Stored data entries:
══════════

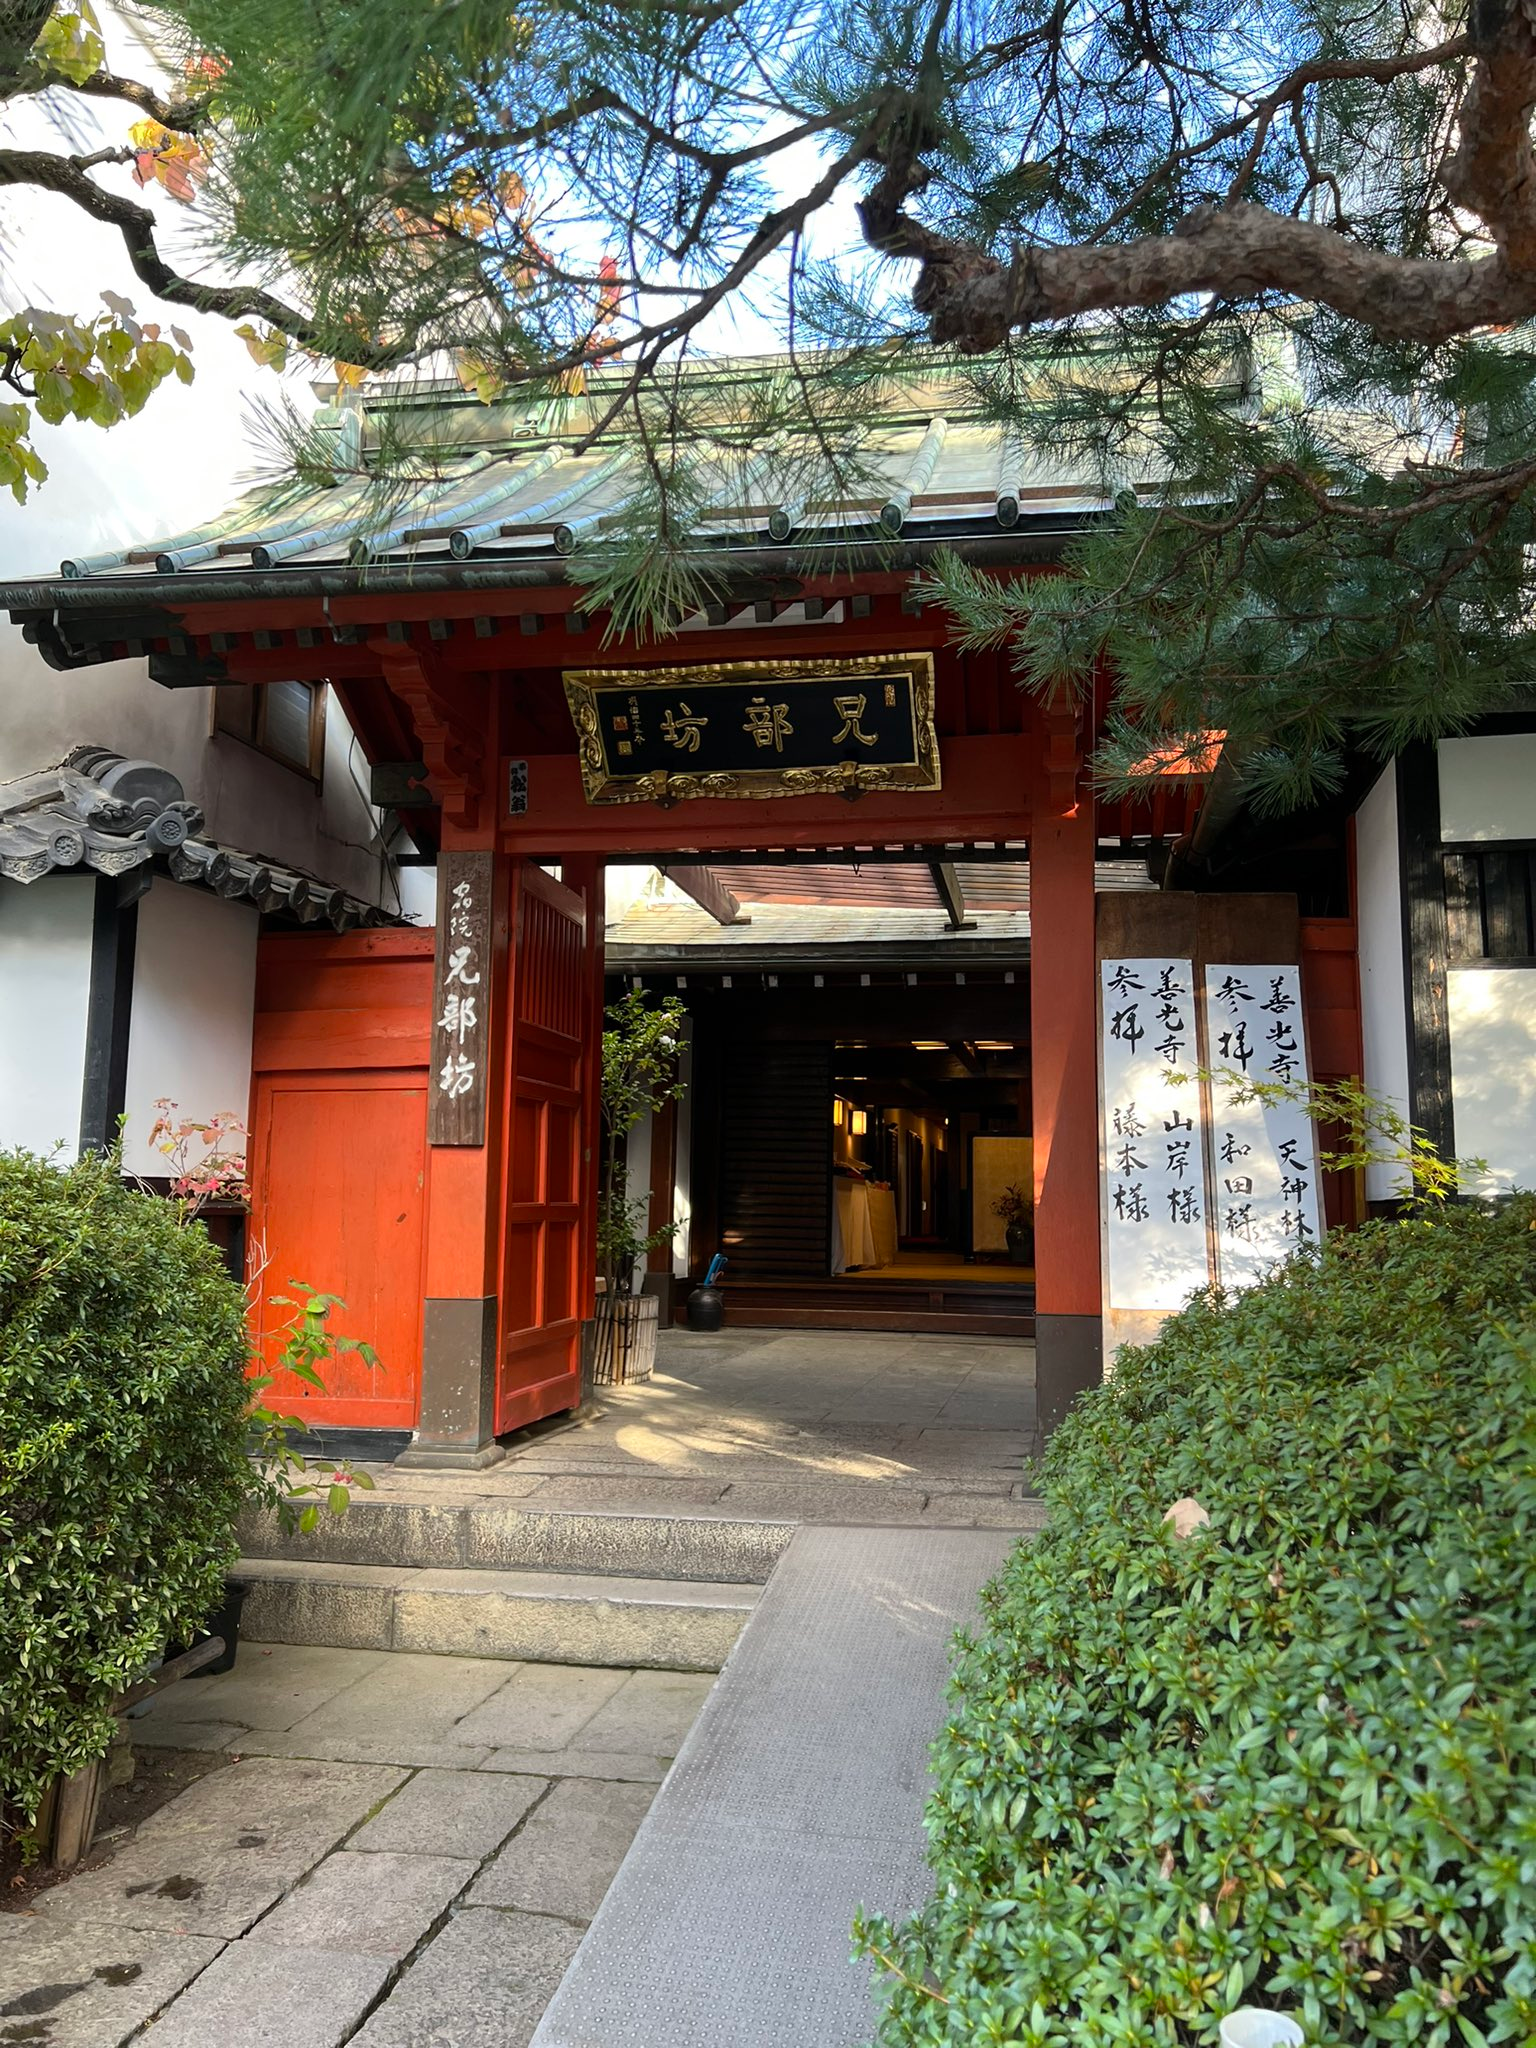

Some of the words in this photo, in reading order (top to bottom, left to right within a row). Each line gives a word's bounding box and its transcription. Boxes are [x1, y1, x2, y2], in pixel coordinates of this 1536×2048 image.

[1107, 966, 1146, 1055] 参拝
[1150, 966, 1186, 1064] 善光寺
[1215, 976, 1256, 1072] 参拝
[1260, 976, 1299, 1084] 善光寺
[1112, 1102, 1150, 1222] 藤本様
[1163, 1110, 1201, 1224] 山岸様
[1220, 1133, 1257, 1243] 和田様
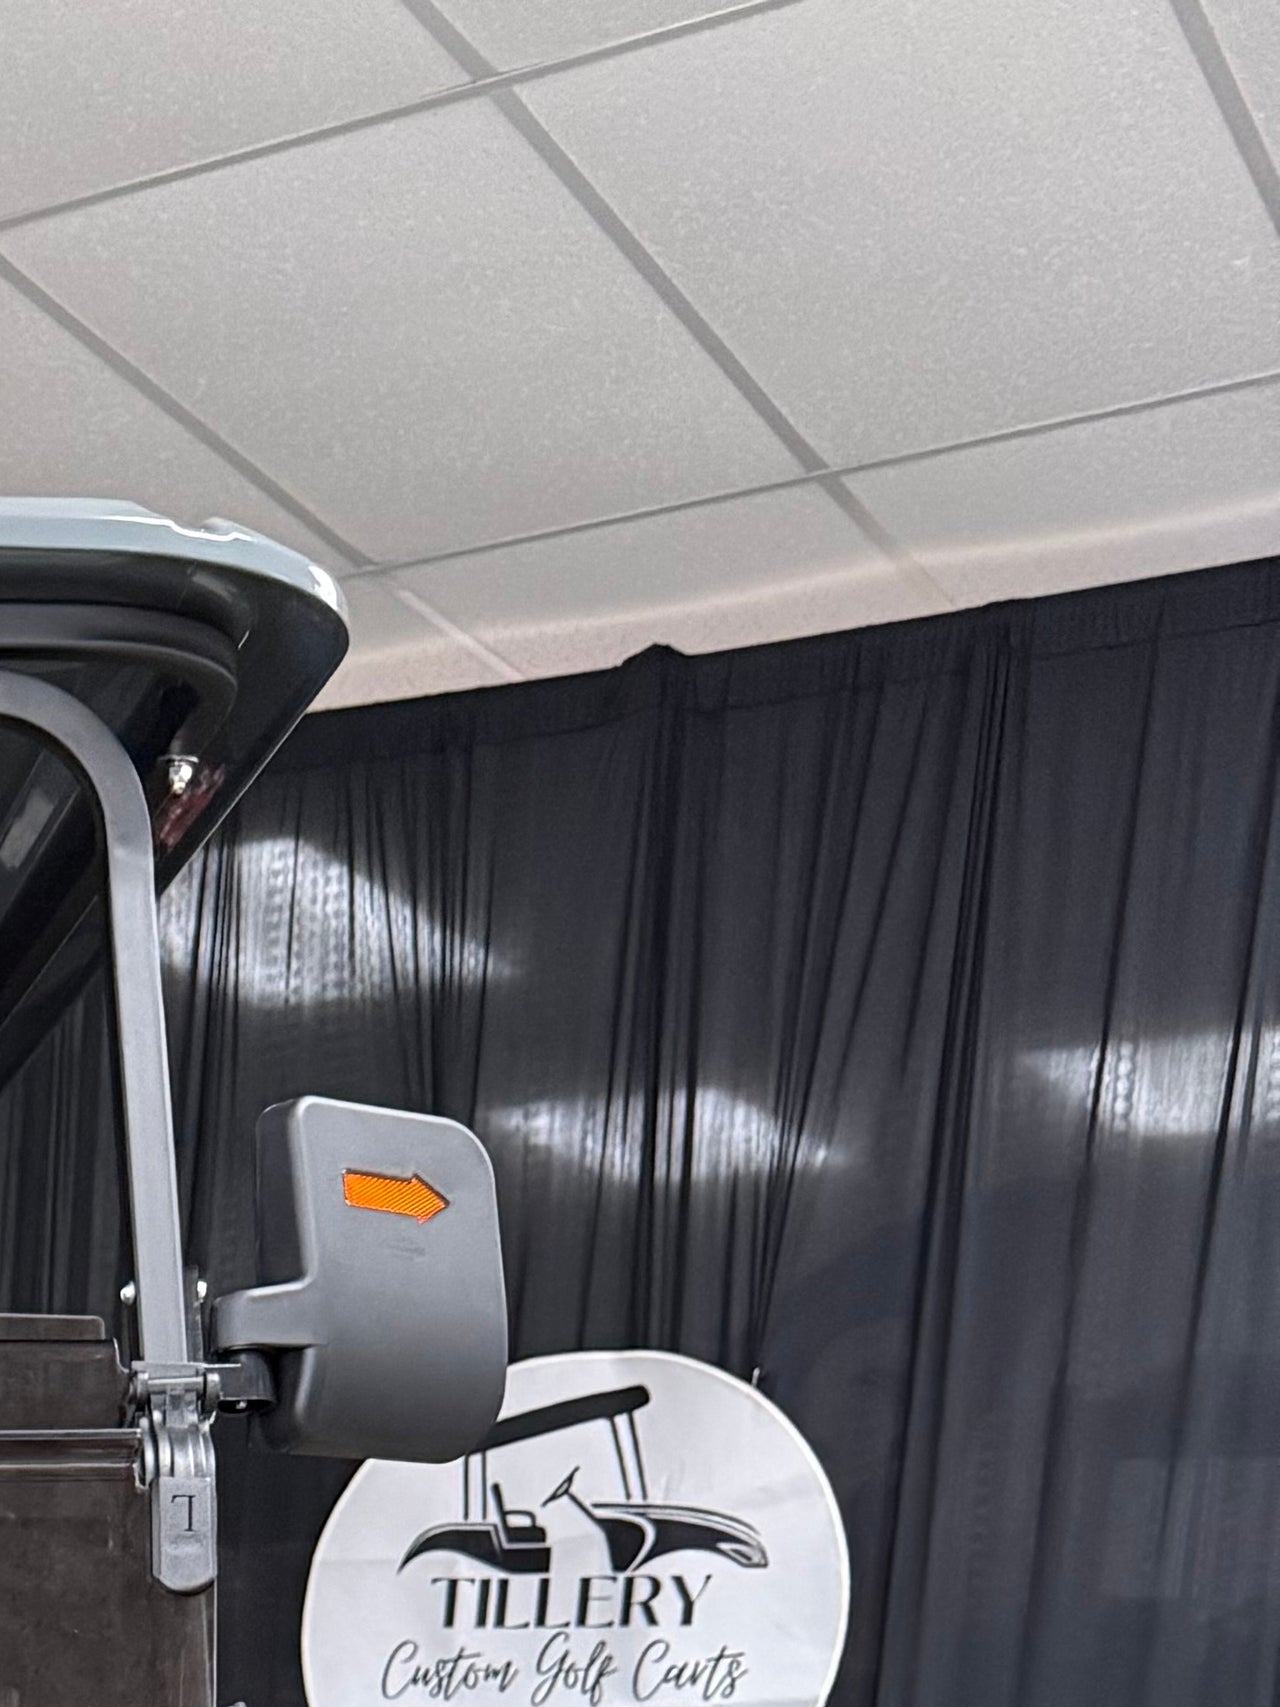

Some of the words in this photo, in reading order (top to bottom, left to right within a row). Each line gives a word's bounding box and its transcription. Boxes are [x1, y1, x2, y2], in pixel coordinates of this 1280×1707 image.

[430, 1573, 712, 1630] TILLERY
[381, 1639, 519, 1701] Custom
[531, 1632, 618, 1707] Golf
[632, 1639, 749, 1702] Carts
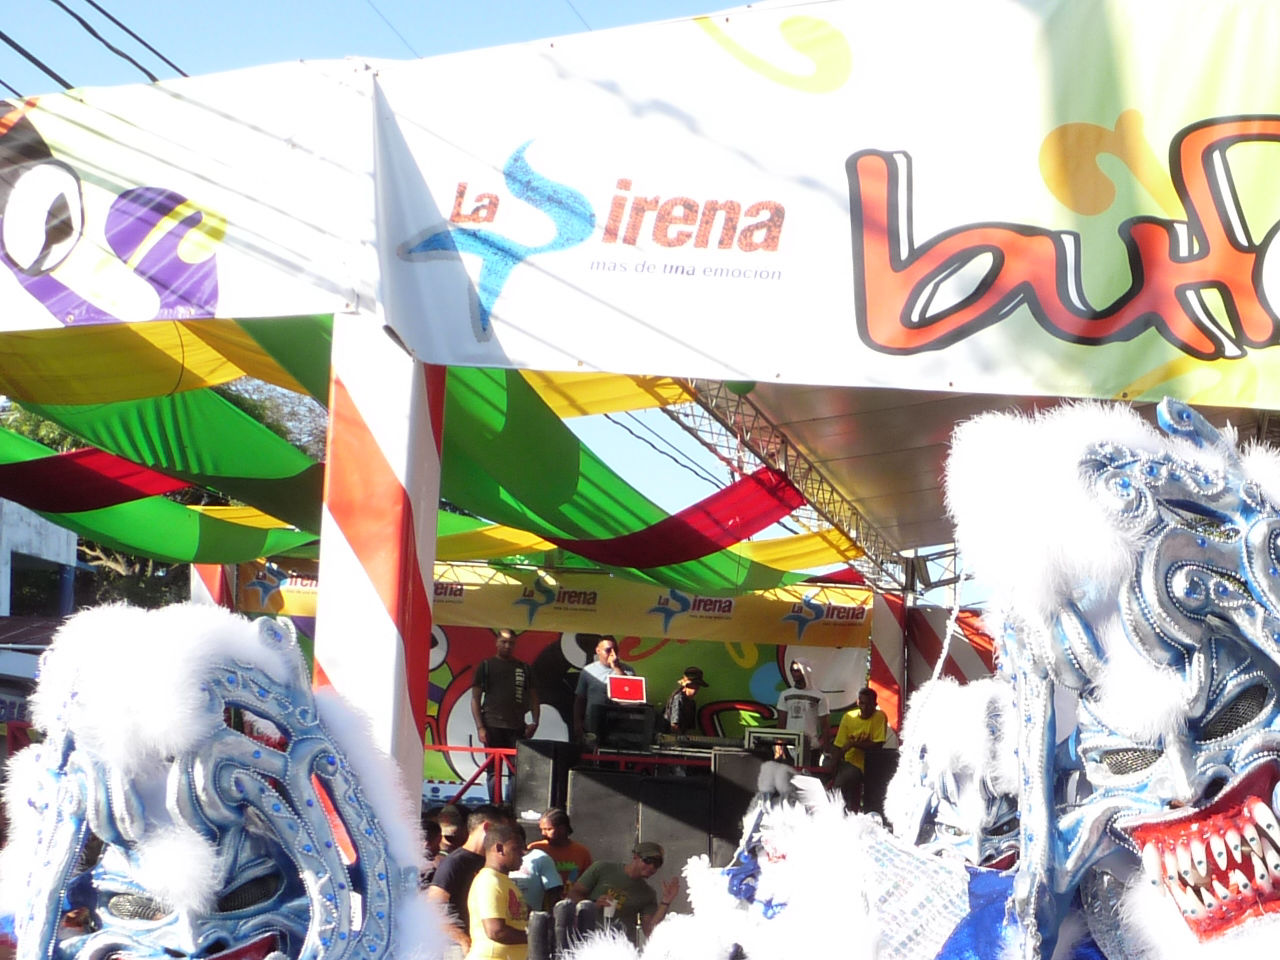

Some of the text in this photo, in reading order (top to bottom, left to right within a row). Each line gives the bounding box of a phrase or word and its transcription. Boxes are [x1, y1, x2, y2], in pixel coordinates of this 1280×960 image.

[450, 182, 500, 224] La
[634, 260, 657, 275] de
[662, 264, 697, 277] una
[523, 586, 535, 598] La
[657, 595, 669, 606] La
[792, 602, 803, 614] La
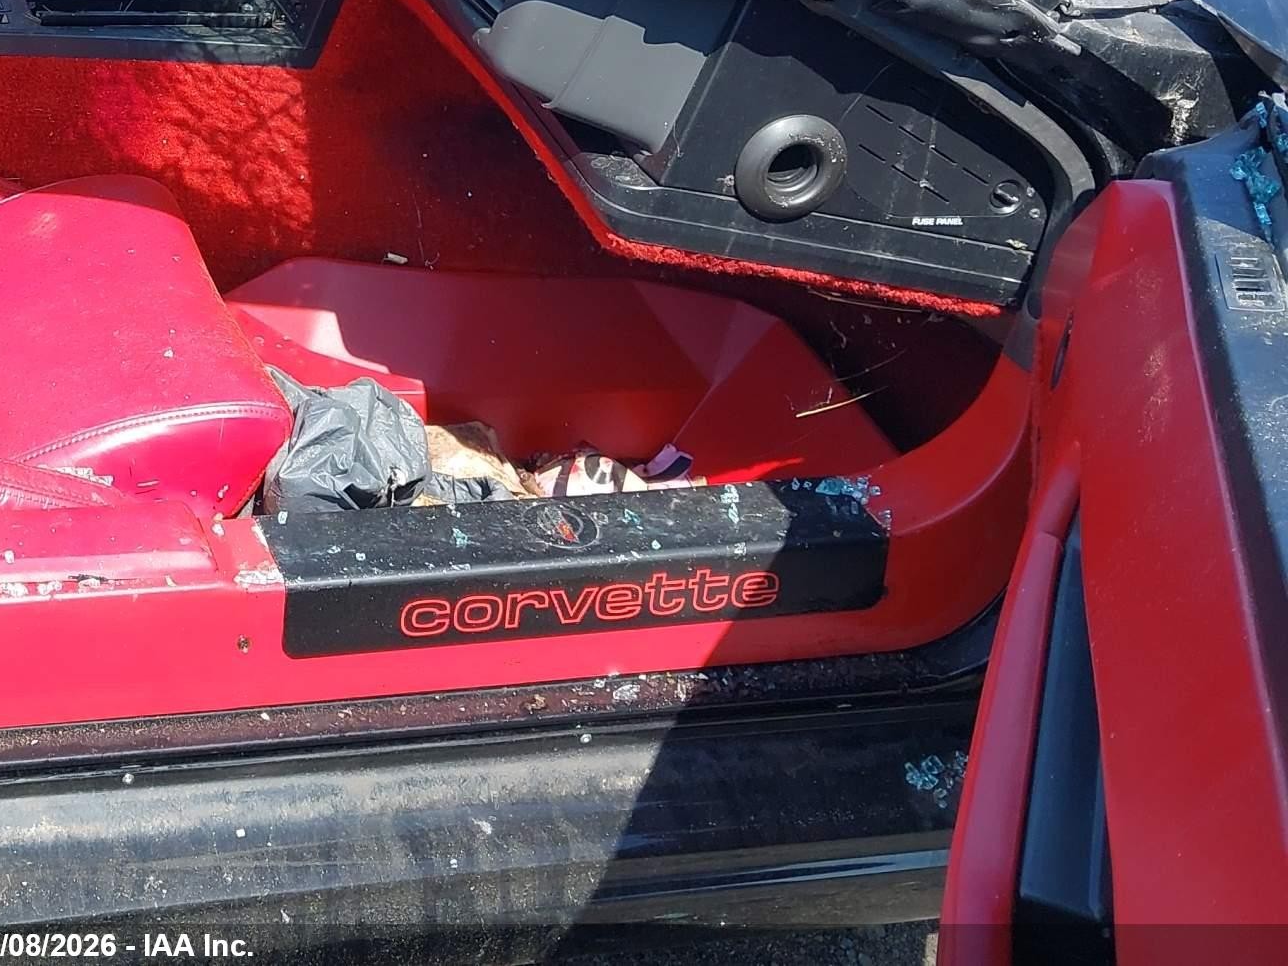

══════════

> **Exercise details**: Print the records again exactly. Skip every picture.

> **Finished task**:
Some of the words in this photo, in reading order (top to bottom, left to right within a row). Each line gives a word's bounding box and its transcription. Boxes are [x1, y1, x2, y2], in pixel coordinates of this 1536×2048 image.

[1107, 966, 1146, 1055] 参拝
[1150, 966, 1186, 1064] 善光寺
[1215, 976, 1256, 1072] 参拝
[1260, 976, 1299, 1084] 善光寺
[1112, 1102, 1150, 1222] 藤本様
[1163, 1110, 1201, 1224] 山岸様
[1220, 1133, 1257, 1243] 和田様

Some of the words in this photo, in reading order (top to bottom, left to right within a row). Each line gives a word's bounding box and its transcription. Boxes are [x1, y1, x2, y2], in pixel coordinates of this 1280×1707 image.

[430, 1573, 712, 1630] TILLERY
[381, 1639, 519, 1701] Custom
[531, 1632, 618, 1707] Golf
[632, 1639, 749, 1702] Carts

Some of the text in this photo, in reading order (top to bottom, left to right within a row). Each line gives the bounding box of a phrase or word and its transcription. Boxes are [x1, y1, x2, y2], in pixel coordinates of this 1280×960 image.

[450, 182, 500, 224] La
[634, 260, 657, 275] de
[662, 264, 697, 277] una
[523, 586, 535, 598] La
[657, 595, 669, 606] La
[792, 602, 803, 614] La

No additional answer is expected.